The issues have been assigned multiple CVEs: CVE-2019-11477 is considered an Important severity, whereas CVE-2019-11478 and CVE-2019-11479 are considered a Moderate severity. 

The first two are related to the Selective Acknowledgement (SACK) packets combined with Maximum Segment Size (MSS), the third solely with the Maximum Segment Size (MSS).

These issues are corrected either through applying mitigations or kernel patches.  Mitigation details and links to RHSA advsories can be found on the RESOLVE tab of this article.

Issue Details and Background

Three related flaws were found in the Linux kernel’s handling of TCP Selective Acknowledgement (SACK) packets handling with low MSS size. The extent of impact is understood to be limited to denial of service at this time. No privilege escalation or information leak is currently suspected.

While mitigations shown in this article are available, they might affect traffic from legitimate sources that require the lower MSS values to transmit correctly and system performance. Please evaluate the mitigation that is appropriate for the system’s environment before applying.
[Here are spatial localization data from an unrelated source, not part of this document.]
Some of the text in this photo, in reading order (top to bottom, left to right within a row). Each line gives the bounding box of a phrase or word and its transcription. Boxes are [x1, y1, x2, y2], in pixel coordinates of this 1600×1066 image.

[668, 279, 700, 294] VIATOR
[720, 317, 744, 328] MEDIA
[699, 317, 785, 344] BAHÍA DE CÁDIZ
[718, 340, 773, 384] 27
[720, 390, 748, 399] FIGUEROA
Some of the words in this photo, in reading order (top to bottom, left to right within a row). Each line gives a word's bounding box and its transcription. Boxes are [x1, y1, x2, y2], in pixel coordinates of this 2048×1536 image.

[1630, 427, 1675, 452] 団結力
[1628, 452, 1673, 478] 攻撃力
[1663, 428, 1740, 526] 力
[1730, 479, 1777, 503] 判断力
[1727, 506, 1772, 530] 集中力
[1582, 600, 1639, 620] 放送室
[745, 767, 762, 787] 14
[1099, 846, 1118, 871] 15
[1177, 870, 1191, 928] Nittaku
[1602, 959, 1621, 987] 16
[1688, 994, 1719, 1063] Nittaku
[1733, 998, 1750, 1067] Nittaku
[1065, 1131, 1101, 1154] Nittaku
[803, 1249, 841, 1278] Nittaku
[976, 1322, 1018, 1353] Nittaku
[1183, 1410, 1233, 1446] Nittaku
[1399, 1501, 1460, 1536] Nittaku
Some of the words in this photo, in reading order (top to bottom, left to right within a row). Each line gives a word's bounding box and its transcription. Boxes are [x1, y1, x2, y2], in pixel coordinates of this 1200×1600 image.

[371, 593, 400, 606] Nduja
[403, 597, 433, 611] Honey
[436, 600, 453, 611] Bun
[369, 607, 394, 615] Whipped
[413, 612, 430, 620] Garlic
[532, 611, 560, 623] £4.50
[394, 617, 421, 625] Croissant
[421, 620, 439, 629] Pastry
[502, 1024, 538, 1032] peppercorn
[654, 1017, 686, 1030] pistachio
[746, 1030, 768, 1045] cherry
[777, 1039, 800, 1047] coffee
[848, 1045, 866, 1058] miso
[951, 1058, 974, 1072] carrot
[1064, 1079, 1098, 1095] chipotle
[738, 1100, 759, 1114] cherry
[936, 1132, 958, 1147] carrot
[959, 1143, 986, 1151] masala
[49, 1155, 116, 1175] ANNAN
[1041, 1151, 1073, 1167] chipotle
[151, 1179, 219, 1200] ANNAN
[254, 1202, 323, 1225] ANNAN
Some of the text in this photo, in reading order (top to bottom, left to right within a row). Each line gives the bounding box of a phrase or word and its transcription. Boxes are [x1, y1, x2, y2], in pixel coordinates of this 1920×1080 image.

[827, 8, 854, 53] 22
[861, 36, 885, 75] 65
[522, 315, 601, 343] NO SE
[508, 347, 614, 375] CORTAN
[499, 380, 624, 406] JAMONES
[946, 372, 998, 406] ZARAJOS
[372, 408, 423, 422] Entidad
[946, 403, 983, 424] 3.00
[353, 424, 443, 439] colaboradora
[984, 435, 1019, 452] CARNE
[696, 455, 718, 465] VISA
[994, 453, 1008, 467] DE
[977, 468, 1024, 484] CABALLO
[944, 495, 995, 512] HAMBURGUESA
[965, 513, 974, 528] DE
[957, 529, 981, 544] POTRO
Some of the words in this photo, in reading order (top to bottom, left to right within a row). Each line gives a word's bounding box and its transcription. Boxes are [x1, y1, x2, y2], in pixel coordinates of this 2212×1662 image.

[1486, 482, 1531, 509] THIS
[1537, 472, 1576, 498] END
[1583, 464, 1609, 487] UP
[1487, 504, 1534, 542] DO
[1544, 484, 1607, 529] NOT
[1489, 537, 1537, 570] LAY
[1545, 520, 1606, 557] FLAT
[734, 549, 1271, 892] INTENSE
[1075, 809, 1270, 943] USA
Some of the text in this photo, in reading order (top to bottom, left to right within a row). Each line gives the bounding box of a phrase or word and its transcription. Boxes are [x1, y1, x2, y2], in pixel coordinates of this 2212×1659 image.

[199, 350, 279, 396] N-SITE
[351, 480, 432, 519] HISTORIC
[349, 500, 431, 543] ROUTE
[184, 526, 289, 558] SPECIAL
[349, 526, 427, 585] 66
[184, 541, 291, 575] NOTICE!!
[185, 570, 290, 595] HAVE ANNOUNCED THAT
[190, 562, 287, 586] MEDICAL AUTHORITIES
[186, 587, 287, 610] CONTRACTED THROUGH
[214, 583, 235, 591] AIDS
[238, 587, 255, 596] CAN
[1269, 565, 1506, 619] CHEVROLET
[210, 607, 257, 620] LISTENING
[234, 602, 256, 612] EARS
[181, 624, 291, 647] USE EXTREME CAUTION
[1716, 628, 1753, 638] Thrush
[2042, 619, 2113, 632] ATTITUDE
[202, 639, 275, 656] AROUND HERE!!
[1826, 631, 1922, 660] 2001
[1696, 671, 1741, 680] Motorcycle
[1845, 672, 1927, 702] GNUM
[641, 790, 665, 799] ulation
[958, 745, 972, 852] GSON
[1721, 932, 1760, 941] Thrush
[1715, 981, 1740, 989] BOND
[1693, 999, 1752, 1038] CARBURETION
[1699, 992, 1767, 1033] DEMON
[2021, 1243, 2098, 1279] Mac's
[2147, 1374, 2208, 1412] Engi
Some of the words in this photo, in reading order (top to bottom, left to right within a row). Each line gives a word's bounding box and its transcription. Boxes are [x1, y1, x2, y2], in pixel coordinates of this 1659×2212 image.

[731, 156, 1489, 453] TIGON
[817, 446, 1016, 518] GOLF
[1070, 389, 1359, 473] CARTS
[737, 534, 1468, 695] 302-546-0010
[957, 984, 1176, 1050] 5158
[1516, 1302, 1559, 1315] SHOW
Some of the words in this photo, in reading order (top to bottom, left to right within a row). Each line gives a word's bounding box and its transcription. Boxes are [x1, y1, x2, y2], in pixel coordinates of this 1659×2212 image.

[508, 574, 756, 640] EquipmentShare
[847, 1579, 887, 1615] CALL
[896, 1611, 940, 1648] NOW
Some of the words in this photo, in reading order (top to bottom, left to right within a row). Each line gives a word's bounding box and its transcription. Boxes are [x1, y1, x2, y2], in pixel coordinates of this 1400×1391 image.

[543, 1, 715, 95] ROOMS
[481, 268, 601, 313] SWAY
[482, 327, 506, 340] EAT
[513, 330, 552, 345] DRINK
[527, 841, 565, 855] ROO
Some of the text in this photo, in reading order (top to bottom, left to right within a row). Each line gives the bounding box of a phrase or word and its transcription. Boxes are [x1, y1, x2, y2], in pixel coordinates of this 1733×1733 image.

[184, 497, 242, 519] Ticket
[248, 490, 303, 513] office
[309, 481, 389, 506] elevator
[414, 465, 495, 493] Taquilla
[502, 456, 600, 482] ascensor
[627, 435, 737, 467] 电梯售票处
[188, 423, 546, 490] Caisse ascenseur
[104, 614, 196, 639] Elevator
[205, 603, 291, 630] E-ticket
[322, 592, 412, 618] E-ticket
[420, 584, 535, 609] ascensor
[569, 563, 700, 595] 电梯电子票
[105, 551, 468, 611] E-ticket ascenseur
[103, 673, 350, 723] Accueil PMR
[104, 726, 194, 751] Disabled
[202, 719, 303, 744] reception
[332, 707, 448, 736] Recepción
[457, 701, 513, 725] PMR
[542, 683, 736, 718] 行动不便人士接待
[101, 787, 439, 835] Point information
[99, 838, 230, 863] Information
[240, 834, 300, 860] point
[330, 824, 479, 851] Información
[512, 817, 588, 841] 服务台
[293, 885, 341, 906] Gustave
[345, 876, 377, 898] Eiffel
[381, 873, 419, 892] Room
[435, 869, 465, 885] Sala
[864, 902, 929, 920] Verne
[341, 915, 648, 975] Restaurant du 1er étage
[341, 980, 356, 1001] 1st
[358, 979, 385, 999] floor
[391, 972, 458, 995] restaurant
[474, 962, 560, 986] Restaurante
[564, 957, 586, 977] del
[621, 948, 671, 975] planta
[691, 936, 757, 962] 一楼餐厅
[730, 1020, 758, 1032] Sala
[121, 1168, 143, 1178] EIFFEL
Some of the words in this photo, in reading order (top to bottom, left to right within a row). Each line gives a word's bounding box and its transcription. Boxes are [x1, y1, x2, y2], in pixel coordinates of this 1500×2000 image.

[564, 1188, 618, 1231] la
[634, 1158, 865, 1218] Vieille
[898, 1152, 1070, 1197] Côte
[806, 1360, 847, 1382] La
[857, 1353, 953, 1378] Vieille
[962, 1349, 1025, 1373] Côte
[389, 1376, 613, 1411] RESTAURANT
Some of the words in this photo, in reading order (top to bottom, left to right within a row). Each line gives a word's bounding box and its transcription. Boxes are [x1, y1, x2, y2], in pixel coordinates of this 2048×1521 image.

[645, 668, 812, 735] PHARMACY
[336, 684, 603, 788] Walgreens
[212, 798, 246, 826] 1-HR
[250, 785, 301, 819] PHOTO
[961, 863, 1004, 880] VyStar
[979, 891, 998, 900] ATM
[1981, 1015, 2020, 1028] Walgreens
What is a selective acknowledgement ?

TCP Selective Acknowledgment (SACK) is a mechanism where the data receiver can inform the sender about all the segments that have successfully been accepted. This allows the sender to retransmit segments of the stream that are missing from its ‘known good’ set. When TCP SACK is disabled a much larger set of retransmits are required to retransmit a complete stream.

What is MSS 

The maximum segment size (MSS) is a parameter set in the TCP header of a packet that specifies the total amount of data contained in a reconstructed TCP segment.
As packets might become fragmented when transmitting across different routes, a host must specify the MSS as equal to the largest IP datagram payload size that a host can handle. Very large MSS sizes might mean that a stream of packets ends up fragmented on their way to the destination, whereas smaller packets can ensure less fragmentation but end up with unused overhead.


Operating systems and transport types can default to specified MSS sizes. Attackers with privileged access can create raw packets with crafted MSS options in the packet to create this attack.

TCP SACKs:

TCP is a connection oriented protocol. When two parties wish to communicate over a TCP connection, they establish a connection by exchanging certain information such as requesting to initiate (SYN) a connection, initial sequence number, acknowledgement number, maximum segment size (MSS) to use over this connection, permission to send and process Selective Acknowledgements(SACKs), etc. This connection establishment process is known as 3-way handshake.

TCP sends and receives user data by a unit called Segment. A TCP segment consists of TCP Header, Options and user data.
TCP Segmentation


Each TCP segment has a Sequence Number (SEQ) and Acknowledgement Number (ACK).

These SEQ & ACK numbers are used to track which segments are successfully received by the receiver. ACK number indicates the next expected segment by the receiver.

Example: user ‘A’ above sends 1 kilobytes of data through 13 segments of 100 bytes each, 13 because each segment has TCP header of 20 bytes. On the receiving end, user ‘B’ receives segments 1, 2, 4, 6, 8 - 13, segments 3, 5 and 7 are lost, not received by user ‘B’.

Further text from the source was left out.